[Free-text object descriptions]
---
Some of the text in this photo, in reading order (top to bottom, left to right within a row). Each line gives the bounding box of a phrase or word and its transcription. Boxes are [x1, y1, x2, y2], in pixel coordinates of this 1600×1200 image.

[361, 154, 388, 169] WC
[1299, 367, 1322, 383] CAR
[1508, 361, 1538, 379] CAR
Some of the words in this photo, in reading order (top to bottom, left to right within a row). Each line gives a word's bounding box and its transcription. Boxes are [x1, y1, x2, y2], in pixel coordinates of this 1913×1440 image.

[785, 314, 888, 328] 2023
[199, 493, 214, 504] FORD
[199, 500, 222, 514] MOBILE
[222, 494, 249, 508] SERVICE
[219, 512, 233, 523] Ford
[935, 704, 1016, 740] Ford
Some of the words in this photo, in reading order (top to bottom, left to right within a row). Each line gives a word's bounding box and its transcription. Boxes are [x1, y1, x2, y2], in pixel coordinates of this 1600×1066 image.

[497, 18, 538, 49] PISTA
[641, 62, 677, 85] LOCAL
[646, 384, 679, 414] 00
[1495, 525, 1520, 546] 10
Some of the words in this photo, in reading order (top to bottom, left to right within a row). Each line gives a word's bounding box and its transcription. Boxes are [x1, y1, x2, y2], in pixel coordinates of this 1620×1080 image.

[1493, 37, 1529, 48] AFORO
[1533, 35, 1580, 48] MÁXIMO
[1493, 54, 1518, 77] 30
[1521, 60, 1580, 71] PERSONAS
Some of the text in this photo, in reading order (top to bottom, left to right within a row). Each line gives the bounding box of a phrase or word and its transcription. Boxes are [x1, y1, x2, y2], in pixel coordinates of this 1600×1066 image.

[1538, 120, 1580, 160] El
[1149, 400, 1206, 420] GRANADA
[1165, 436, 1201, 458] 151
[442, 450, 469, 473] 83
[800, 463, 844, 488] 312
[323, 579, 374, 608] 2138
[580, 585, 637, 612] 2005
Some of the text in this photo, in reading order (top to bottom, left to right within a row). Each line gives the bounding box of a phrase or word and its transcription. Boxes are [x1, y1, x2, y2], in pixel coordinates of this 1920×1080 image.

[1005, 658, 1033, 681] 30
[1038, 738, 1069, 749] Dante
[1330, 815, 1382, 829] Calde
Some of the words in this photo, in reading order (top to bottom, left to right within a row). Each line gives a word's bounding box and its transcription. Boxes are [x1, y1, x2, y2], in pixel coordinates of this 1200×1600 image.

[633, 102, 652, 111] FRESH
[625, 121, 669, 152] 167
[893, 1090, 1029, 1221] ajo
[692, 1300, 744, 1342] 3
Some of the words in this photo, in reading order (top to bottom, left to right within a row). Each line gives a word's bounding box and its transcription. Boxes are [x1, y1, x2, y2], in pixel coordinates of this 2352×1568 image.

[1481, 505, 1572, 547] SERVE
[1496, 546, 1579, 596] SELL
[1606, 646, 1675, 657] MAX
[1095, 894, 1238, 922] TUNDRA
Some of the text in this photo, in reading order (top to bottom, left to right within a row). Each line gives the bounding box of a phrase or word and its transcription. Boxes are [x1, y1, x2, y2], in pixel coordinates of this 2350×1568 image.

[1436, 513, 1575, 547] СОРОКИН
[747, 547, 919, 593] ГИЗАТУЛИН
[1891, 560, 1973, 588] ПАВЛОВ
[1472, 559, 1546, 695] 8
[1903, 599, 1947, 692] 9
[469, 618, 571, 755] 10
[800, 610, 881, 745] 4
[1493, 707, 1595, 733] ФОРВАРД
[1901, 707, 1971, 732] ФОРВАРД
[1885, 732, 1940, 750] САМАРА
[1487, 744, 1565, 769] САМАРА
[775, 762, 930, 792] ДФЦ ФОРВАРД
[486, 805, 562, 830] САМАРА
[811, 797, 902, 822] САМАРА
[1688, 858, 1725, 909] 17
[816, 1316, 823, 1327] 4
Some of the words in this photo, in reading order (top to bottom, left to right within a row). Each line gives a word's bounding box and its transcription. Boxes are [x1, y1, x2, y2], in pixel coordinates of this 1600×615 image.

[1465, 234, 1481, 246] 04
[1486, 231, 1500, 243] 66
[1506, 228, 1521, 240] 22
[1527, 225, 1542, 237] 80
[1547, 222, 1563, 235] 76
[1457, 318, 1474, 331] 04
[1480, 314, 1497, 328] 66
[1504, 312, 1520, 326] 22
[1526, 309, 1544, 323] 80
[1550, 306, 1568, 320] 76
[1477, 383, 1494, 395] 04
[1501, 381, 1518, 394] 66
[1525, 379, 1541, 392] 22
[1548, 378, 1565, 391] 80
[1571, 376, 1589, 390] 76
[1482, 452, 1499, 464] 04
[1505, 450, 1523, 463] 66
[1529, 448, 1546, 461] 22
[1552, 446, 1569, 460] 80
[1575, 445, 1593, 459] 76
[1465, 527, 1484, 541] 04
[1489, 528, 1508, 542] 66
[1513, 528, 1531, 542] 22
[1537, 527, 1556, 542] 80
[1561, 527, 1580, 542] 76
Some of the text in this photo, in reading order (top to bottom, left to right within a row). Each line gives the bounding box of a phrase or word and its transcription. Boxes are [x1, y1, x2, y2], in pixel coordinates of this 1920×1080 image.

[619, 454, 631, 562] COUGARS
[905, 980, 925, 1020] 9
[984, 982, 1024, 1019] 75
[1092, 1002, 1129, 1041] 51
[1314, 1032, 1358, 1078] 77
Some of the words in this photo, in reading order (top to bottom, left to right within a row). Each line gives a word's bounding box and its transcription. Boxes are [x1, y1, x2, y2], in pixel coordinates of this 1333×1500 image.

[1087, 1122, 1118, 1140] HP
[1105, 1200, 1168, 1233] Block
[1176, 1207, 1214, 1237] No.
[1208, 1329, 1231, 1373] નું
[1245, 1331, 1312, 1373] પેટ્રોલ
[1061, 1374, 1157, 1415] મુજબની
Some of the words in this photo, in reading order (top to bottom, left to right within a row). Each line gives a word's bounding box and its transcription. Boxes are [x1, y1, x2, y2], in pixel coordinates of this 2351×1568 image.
---
** Work instructions **
Copy every entry exactly as it is given.

** Exercise response **
Some of the text in this photo, in reading order (top to bottom, left to right within a row). Each line gives the bounding box of a phrase or word and its transcription. Boxes are [x1, y1, x2, y2], in pixel coordinates of this 1600×1200 image.

[361, 154, 388, 169] WC
[1299, 367, 1322, 383] CAR
[1508, 361, 1538, 379] CAR
Some of the words in this photo, in reading order (top to bottom, left to right within a row). Each line gives a word's bounding box and its transcription. Boxes are [x1, y1, x2, y2], in pixel coordinates of this 1913×1440 image.

[785, 314, 888, 328] 2023
[199, 493, 214, 504] FORD
[199, 500, 222, 514] MOBILE
[222, 494, 249, 508] SERVICE
[219, 512, 233, 523] Ford
[935, 704, 1016, 740] Ford
Some of the words in this photo, in reading order (top to bottom, left to right within a row). Each line gives a word's bounding box and its transcription. Boxes are [x1, y1, x2, y2], in pixel coordinates of this 1600×1066 image.

[497, 18, 538, 49] PISTA
[641, 62, 677, 85] LOCAL
[646, 384, 679, 414] 00
[1495, 525, 1520, 546] 10
Some of the words in this photo, in reading order (top to bottom, left to right within a row). Each line gives a word's bounding box and its transcription. Boxes are [x1, y1, x2, y2], in pixel coordinates of this 1620×1080 image.

[1493, 37, 1529, 48] AFORO
[1533, 35, 1580, 48] MÁXIMO
[1493, 54, 1518, 77] 30
[1521, 60, 1580, 71] PERSONAS
Some of the text in this photo, in reading order (top to bottom, left to right within a row). Each line gives the bounding box of a phrase or word and its transcription. Boxes are [x1, y1, x2, y2], in pixel coordinates of this 1600×1066 image.

[1538, 120, 1580, 160] El
[1149, 400, 1206, 420] GRANADA
[1165, 436, 1201, 458] 151
[442, 450, 469, 473] 83
[800, 463, 844, 488] 312
[323, 579, 374, 608] 2138
[580, 585, 637, 612] 2005
Some of the text in this photo, in reading order (top to bottom, left to right within a row). Each line gives the bounding box of a phrase or word and its transcription. Boxes are [x1, y1, x2, y2], in pixel coordinates of this 1920×1080 image.

[1005, 658, 1033, 681] 30
[1038, 738, 1069, 749] Dante
[1330, 815, 1382, 829] Calde
Some of the words in this photo, in reading order (top to bottom, left to right within a row). Each line gives a word's bounding box and its transcription. Boxes are [x1, y1, x2, y2], in pixel coordinates of this 1200×1600 image.

[633, 102, 652, 111] FRESH
[625, 121, 669, 152] 167
[893, 1090, 1029, 1221] ajo
[692, 1300, 744, 1342] 3
Some of the words in this photo, in reading order (top to bottom, left to right within a row). Each line gives a word's bounding box and its transcription. Boxes are [x1, y1, x2, y2], in pixel coordinates of this 2352×1568 image.

[1481, 505, 1572, 547] SERVE
[1496, 546, 1579, 596] SELL
[1606, 646, 1675, 657] MAX
[1095, 894, 1238, 922] TUNDRA
Some of the text in this photo, in reading order (top to bottom, left to right within a row). Each line gives the bounding box of a phrase or word and its transcription. Boxes are [x1, y1, x2, y2], in pixel coordinates of this 2350×1568 image.

[1436, 513, 1575, 547] СОРОКИН
[747, 547, 919, 593] ГИЗАТУЛИН
[1891, 560, 1973, 588] ПАВЛОВ
[1472, 559, 1546, 695] 8
[1903, 599, 1947, 692] 9
[469, 618, 571, 755] 10
[800, 610, 881, 745] 4
[1493, 707, 1595, 733] ФОРВАРД
[1901, 707, 1971, 732] ФОРВАРД
[1885, 732, 1940, 750] САМАРА
[1487, 744, 1565, 769] САМАРА
[775, 762, 930, 792] ДФЦ ФОРВАРД
[486, 805, 562, 830] САМАРА
[811, 797, 902, 822] САМАРА
[1688, 858, 1725, 909] 17
[816, 1316, 823, 1327] 4
Some of the words in this photo, in reading order (top to bottom, left to right within a row). Each line gives a word's bounding box and its transcription. Boxes are [x1, y1, x2, y2], in pixel coordinates of this 1600×615 image.

[1465, 234, 1481, 246] 04
[1486, 231, 1500, 243] 66
[1506, 228, 1521, 240] 22
[1527, 225, 1542, 237] 80
[1547, 222, 1563, 235] 76
[1457, 318, 1474, 331] 04
[1480, 314, 1497, 328] 66
[1504, 312, 1520, 326] 22
[1526, 309, 1544, 323] 80
[1550, 306, 1568, 320] 76
[1477, 383, 1494, 395] 04
[1501, 381, 1518, 394] 66
[1525, 379, 1541, 392] 22
[1548, 378, 1565, 391] 80
[1571, 376, 1589, 390] 76
[1482, 452, 1499, 464] 04
[1505, 450, 1523, 463] 66
[1529, 448, 1546, 461] 22
[1552, 446, 1569, 460] 80
[1575, 445, 1593, 459] 76
[1465, 527, 1484, 541] 04
[1489, 528, 1508, 542] 66
[1513, 528, 1531, 542] 22
[1537, 527, 1556, 542] 80
[1561, 527, 1580, 542] 76
Some of the text in this photo, in reading order (top to bottom, left to right within a row). Each line gives the bounding box of a phrase or word and its transcription. Boxes are [x1, y1, x2, y2], in pixel coordinates of this 1920×1080 image.

[619, 454, 631, 562] COUGARS
[905, 980, 925, 1020] 9
[984, 982, 1024, 1019] 75
[1092, 1002, 1129, 1041] 51
[1314, 1032, 1358, 1078] 77
Some of the words in this photo, in reading order (top to bottom, left to right within a row). Each line gives a word's bounding box and its transcription. Boxes are [x1, y1, x2, y2], in pixel coordinates of this 1333×1500 image.

[1087, 1122, 1118, 1140] HP
[1105, 1200, 1168, 1233] Block
[1176, 1207, 1214, 1237] No.
[1208, 1329, 1231, 1373] નું
[1245, 1331, 1312, 1373] પેટ્રોલ
[1061, 1374, 1157, 1415] મુજબની
Some of the words in this photo, in reading order (top to bottom, left to right within a row). Each line gives a word's bounding box and its transcription. Boxes are [x1, y1, x2, y2], in pixel coordinates of this 2351×1568 image.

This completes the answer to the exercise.